(Dataset entries)

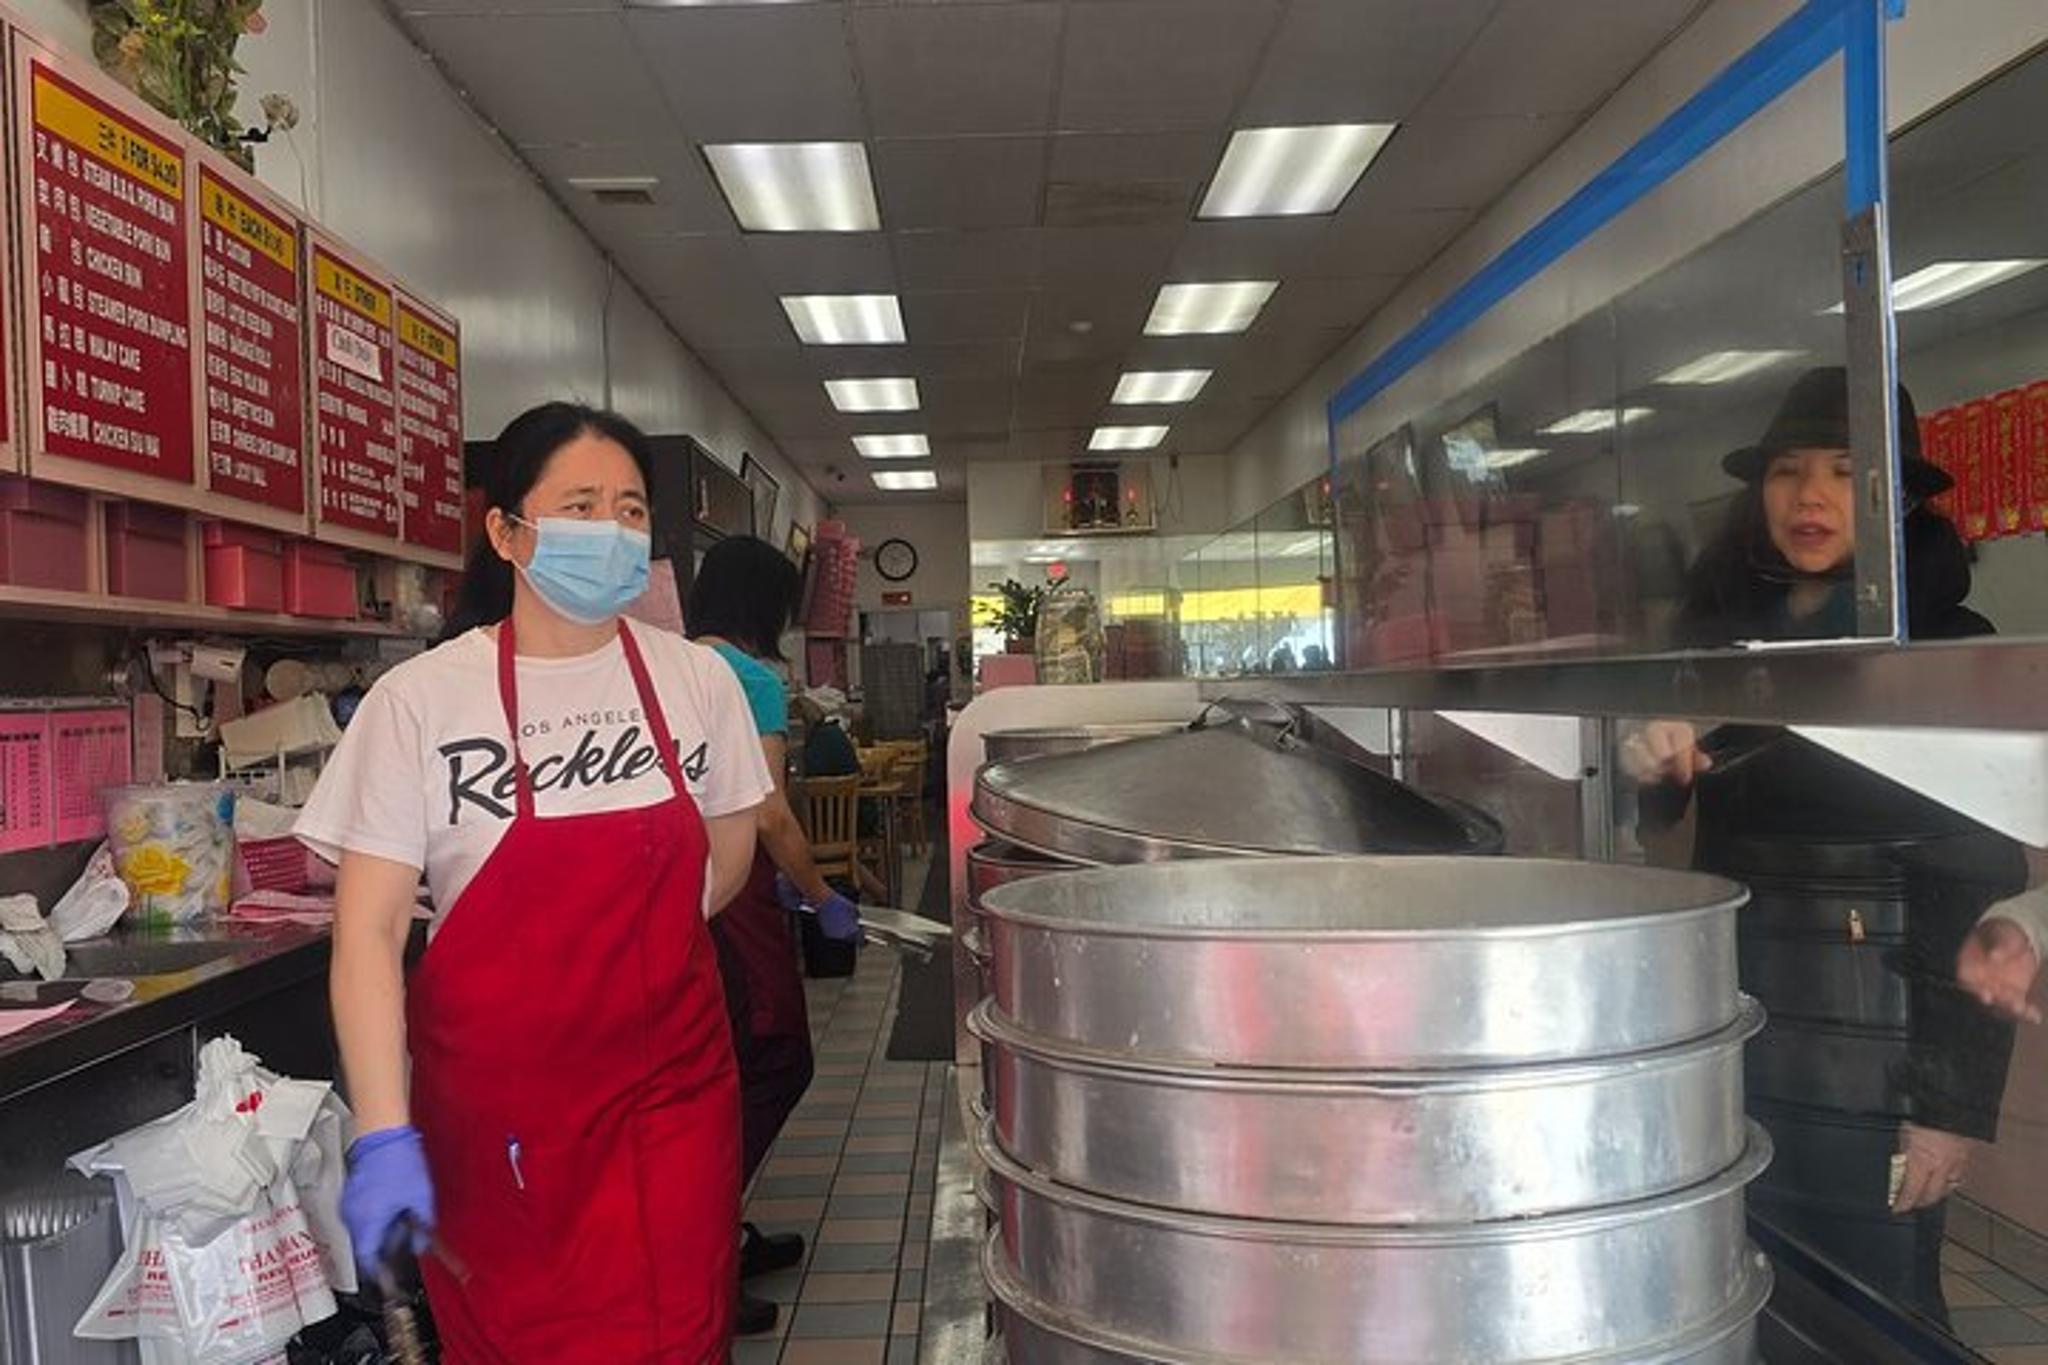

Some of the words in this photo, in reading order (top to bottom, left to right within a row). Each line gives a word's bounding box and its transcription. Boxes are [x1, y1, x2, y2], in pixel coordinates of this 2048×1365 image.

[86, 246, 122, 281] CHICKEN
[93, 419, 129, 449] CHICKEN
[562, 707, 648, 730] ANGELE
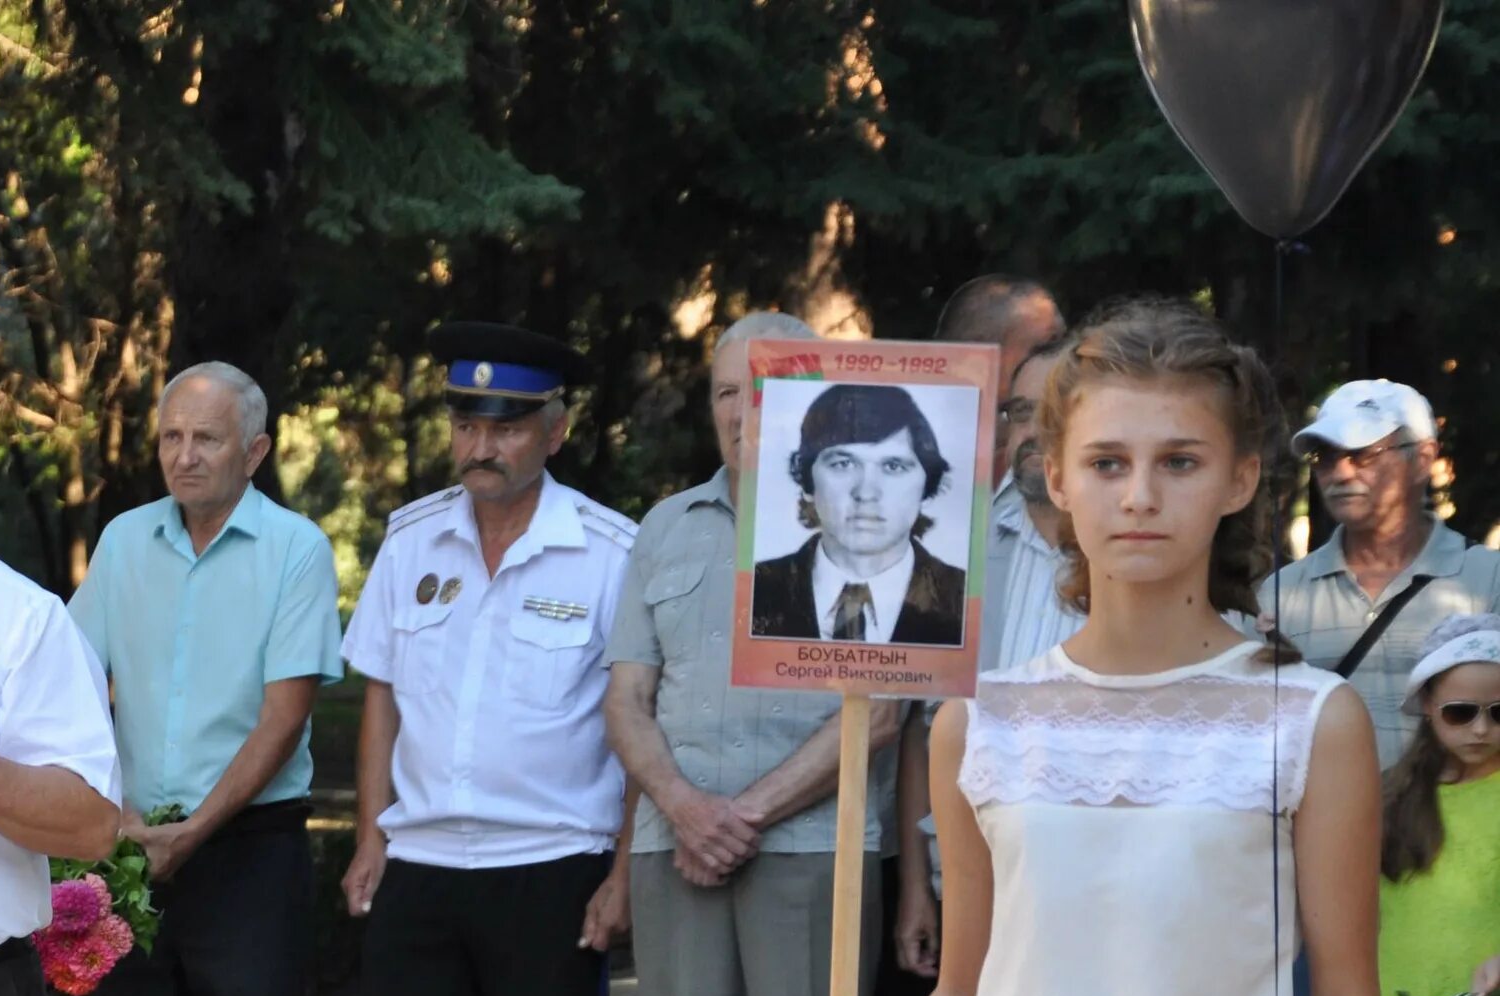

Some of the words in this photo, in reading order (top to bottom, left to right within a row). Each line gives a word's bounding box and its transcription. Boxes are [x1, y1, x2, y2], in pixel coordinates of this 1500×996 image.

[798, 646, 907, 665] БОУБАТРЫН
[775, 662, 833, 680] Сергей
[838, 667, 933, 683] Викторович
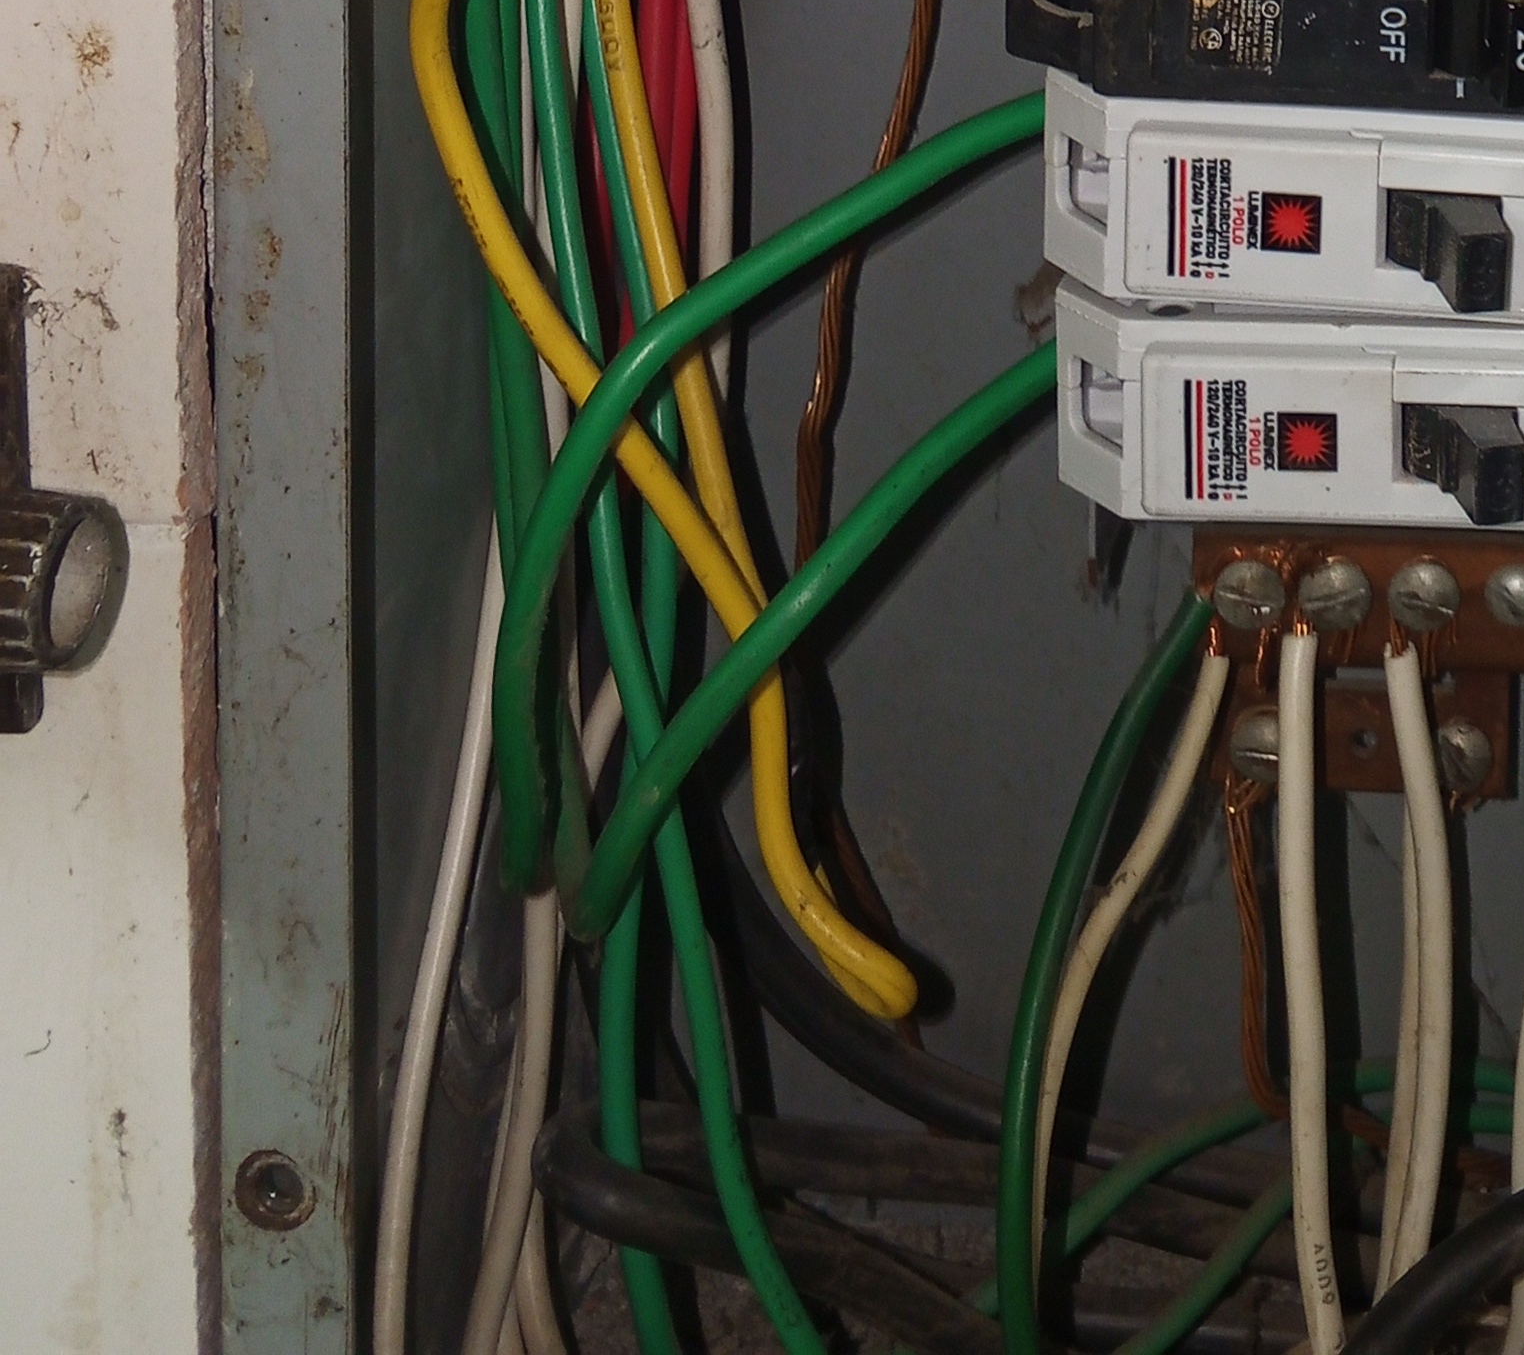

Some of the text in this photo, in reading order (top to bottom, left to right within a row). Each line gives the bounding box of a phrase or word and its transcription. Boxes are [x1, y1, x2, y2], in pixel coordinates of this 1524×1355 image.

[1379, 7, 1407, 63] OFF
[1191, 157, 1205, 205] 120/240
[1218, 159, 1231, 260] CORTACIRCUITO
[1232, 207, 1244, 245] POLO
[1206, 378, 1221, 428] 120/240
[1234, 379, 1247, 481] CORTACIRCUITO
[1249, 428, 1261, 466] POLO
[1314, 1243, 1336, 1304] 600V

• What the exercise asks
The entries are to be transcribed word for word, without their images.

• Output below
Some of the words in this photo, in reading order (top to bottom, left to right within a row). Each line gives a word's bounding box and its transcription. Boxes are [x1, y1, x2, y2], in pixel coordinates of this 2048×1365 image.

[86, 246, 122, 281] CHICKEN
[93, 419, 129, 449] CHICKEN
[562, 707, 648, 730] ANGELE

Some of the words in this photo, in reading order (top to bottom, left to right within a row). Each line gives a word's bounding box and its transcription. Boxes are [x1, y1, x2, y2], in pixel coordinates of this 1500×996 image.

[798, 646, 907, 665] БОУБАТРЫН
[775, 662, 833, 680] Сергей
[838, 667, 933, 683] Викторович

Some of the text in this photo, in reading order (top to bottom, left to right within a row). Each line gives the bounding box of a phrase or word and its transcription. Boxes are [x1, y1, x2, y2], in pixel coordinates of this 1524×1355 image.

[1379, 7, 1407, 63] OFF
[1191, 157, 1205, 205] 120/240
[1218, 159, 1231, 260] CORTACIRCUITO
[1232, 207, 1244, 245] POLO
[1206, 378, 1221, 428] 120/240
[1234, 379, 1247, 481] CORTACIRCUITO
[1249, 428, 1261, 466] POLO
[1314, 1243, 1336, 1304] 600V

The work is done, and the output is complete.